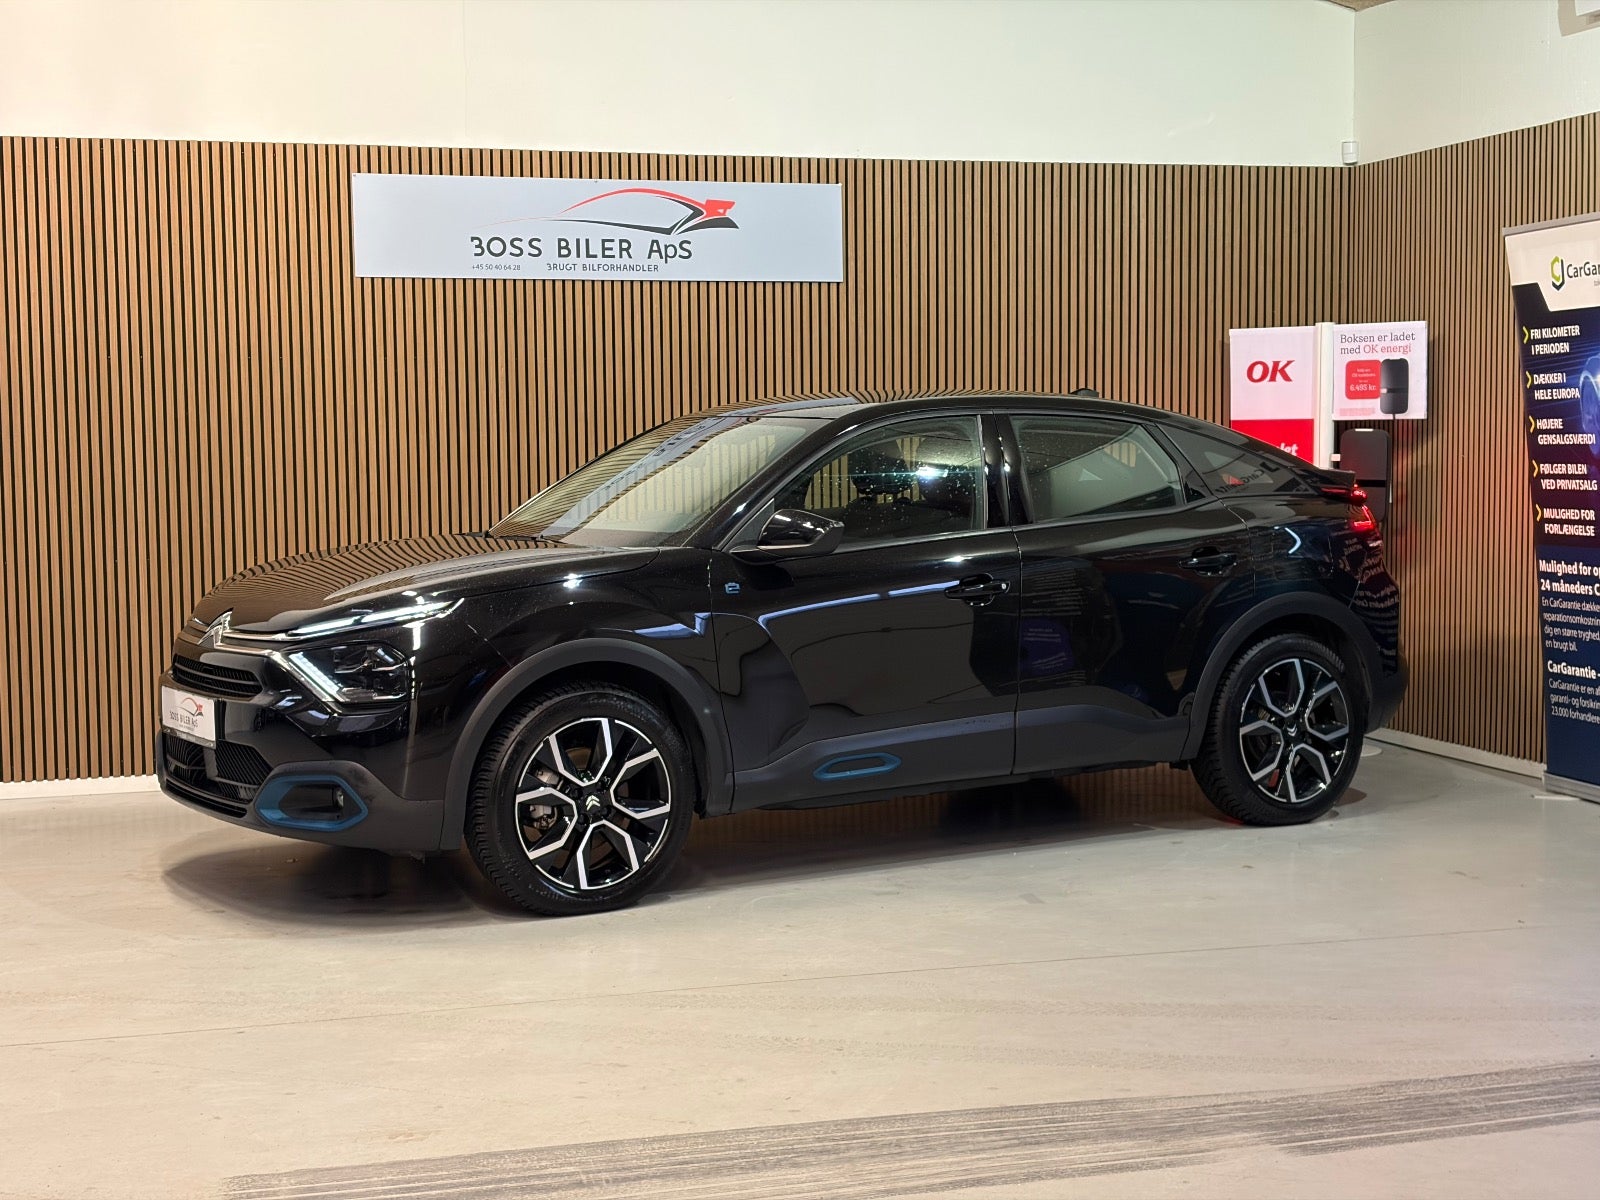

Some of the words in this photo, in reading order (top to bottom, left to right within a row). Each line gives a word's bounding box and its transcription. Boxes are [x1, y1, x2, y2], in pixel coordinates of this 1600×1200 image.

[557, 237, 633, 259] BILER
[647, 239, 693, 263] ApS
[472, 263, 484, 271] +45
[485, 263, 494, 271] 50
[582, 263, 659, 272] BILFORHANDLER
[1340, 333, 1375, 344] Boksen
[1390, 332, 1416, 342] ladet
[1530, 328, 1542, 340] FRI
[1542, 324, 1580, 339] KILOMETER
[1340, 345, 1361, 354] med
[1363, 344, 1378, 354] OK
[1380, 343, 1412, 354] energi
[1531, 344, 1535, 356] I
[1535, 342, 1570, 355] PERIODEN
[1246, 360, 1296, 383] OK
[1533, 372, 1563, 385] DÆKKER
[1534, 389, 1552, 400] HELE
[1552, 388, 1580, 400] EUROPA
[1536, 418, 1563, 430] HØJERE
[1538, 434, 1596, 445] GENSALGSVÆRDI
[1540, 463, 1566, 475] FØLGER
[1567, 463, 1587, 475] BILEN
[1541, 478, 1556, 490] VED
[1556, 479, 1598, 491] PRIVATSALG
[1543, 508, 1580, 520] MULIGHED
[1580, 509, 1595, 521] FOR
[1544, 523, 1595, 537] FORLÆNGELSE
[1539, 559, 1578, 576] Mulighed
[1579, 562, 1592, 576] for
[1540, 578, 1550, 592] 24
[1552, 579, 1593, 596] måneders
[1550, 597, 1581, 610] CarGarantie
[1544, 624, 1554, 637] dig
[1554, 627, 1561, 636] en
[1552, 638, 1568, 652] brugt
[1547, 659, 1596, 680] CarGarantie
[1549, 678, 1580, 693] CarGarantie
[1572, 697, 1579, 709] og
[1551, 705, 1569, 718] 23.000
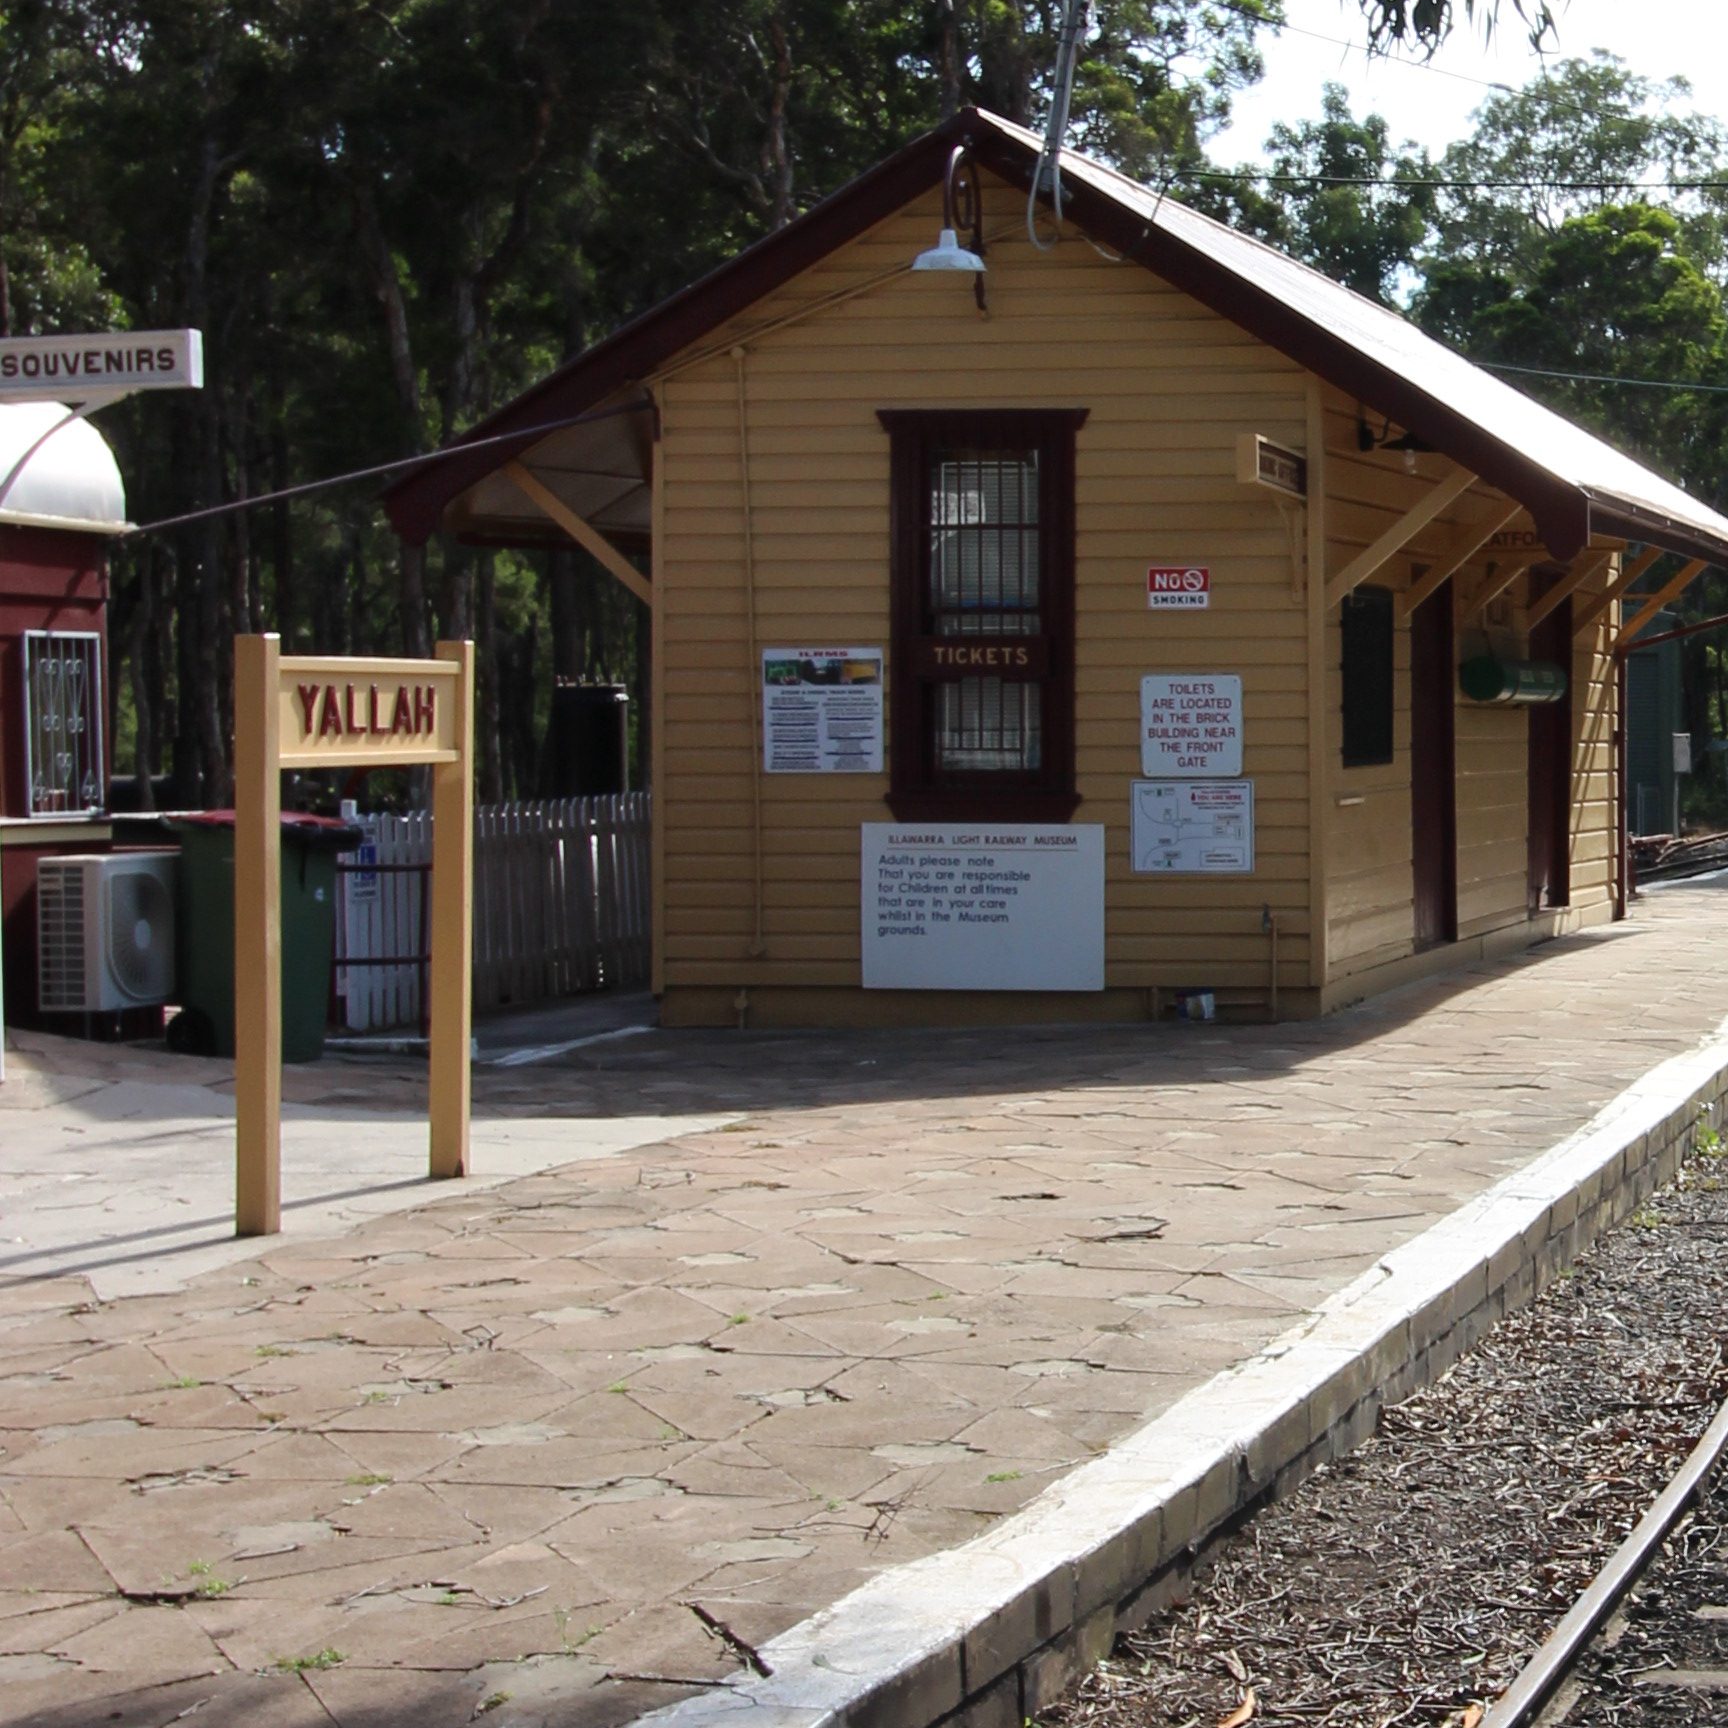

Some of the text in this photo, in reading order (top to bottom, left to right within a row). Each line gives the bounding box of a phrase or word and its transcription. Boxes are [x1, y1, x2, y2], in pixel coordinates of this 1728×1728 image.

AIM OF THE TASK: A word-for-word reprint of the listing above is needed, minus the pictures.

TASK ANSWER:
Some of the words in this photo, in reading order (top to bottom, left to right within a row). Each line gives a word's bounding box and its transcription. Boxes are [x1, y1, x2, y2], in pixel coordinates of this 1600×1200 image.

[557, 237, 633, 259] BILER
[647, 239, 693, 263] ApS
[472, 263, 484, 271] +45
[485, 263, 494, 271] 50
[582, 263, 659, 272] BILFORHANDLER
[1340, 333, 1375, 344] Boksen
[1390, 332, 1416, 342] ladet
[1530, 328, 1542, 340] FRI
[1542, 324, 1580, 339] KILOMETER
[1340, 345, 1361, 354] med
[1363, 344, 1378, 354] OK
[1380, 343, 1412, 354] energi
[1531, 344, 1535, 356] I
[1535, 342, 1570, 355] PERIODEN
[1246, 360, 1296, 383] OK
[1533, 372, 1563, 385] DÆKKER
[1534, 389, 1552, 400] HELE
[1552, 388, 1580, 400] EUROPA
[1536, 418, 1563, 430] HØJERE
[1538, 434, 1596, 445] GENSALGSVÆRDI
[1540, 463, 1566, 475] FØLGER
[1567, 463, 1587, 475] BILEN
[1541, 478, 1556, 490] VED
[1556, 479, 1598, 491] PRIVATSALG
[1543, 508, 1580, 520] MULIGHED
[1580, 509, 1595, 521] FOR
[1544, 523, 1595, 537] FORLÆNGELSE
[1539, 559, 1578, 576] Mulighed
[1579, 562, 1592, 576] for
[1540, 578, 1550, 592] 24
[1552, 579, 1593, 596] måneders
[1550, 597, 1581, 610] CarGarantie
[1544, 624, 1554, 637] dig
[1554, 627, 1561, 636] en
[1552, 638, 1568, 652] brugt
[1547, 659, 1596, 680] CarGarantie
[1549, 678, 1580, 693] CarGarantie
[1572, 697, 1579, 709] og
[1551, 705, 1569, 718] 23.000

Some of the text in this photo, in reading order (top to bottom, left to right within a row). Each line gives the bounding box of a phrase or word and its transcription. Boxes are [x1, y1, x2, y2], in pixel coordinates of this 1728×1728 image.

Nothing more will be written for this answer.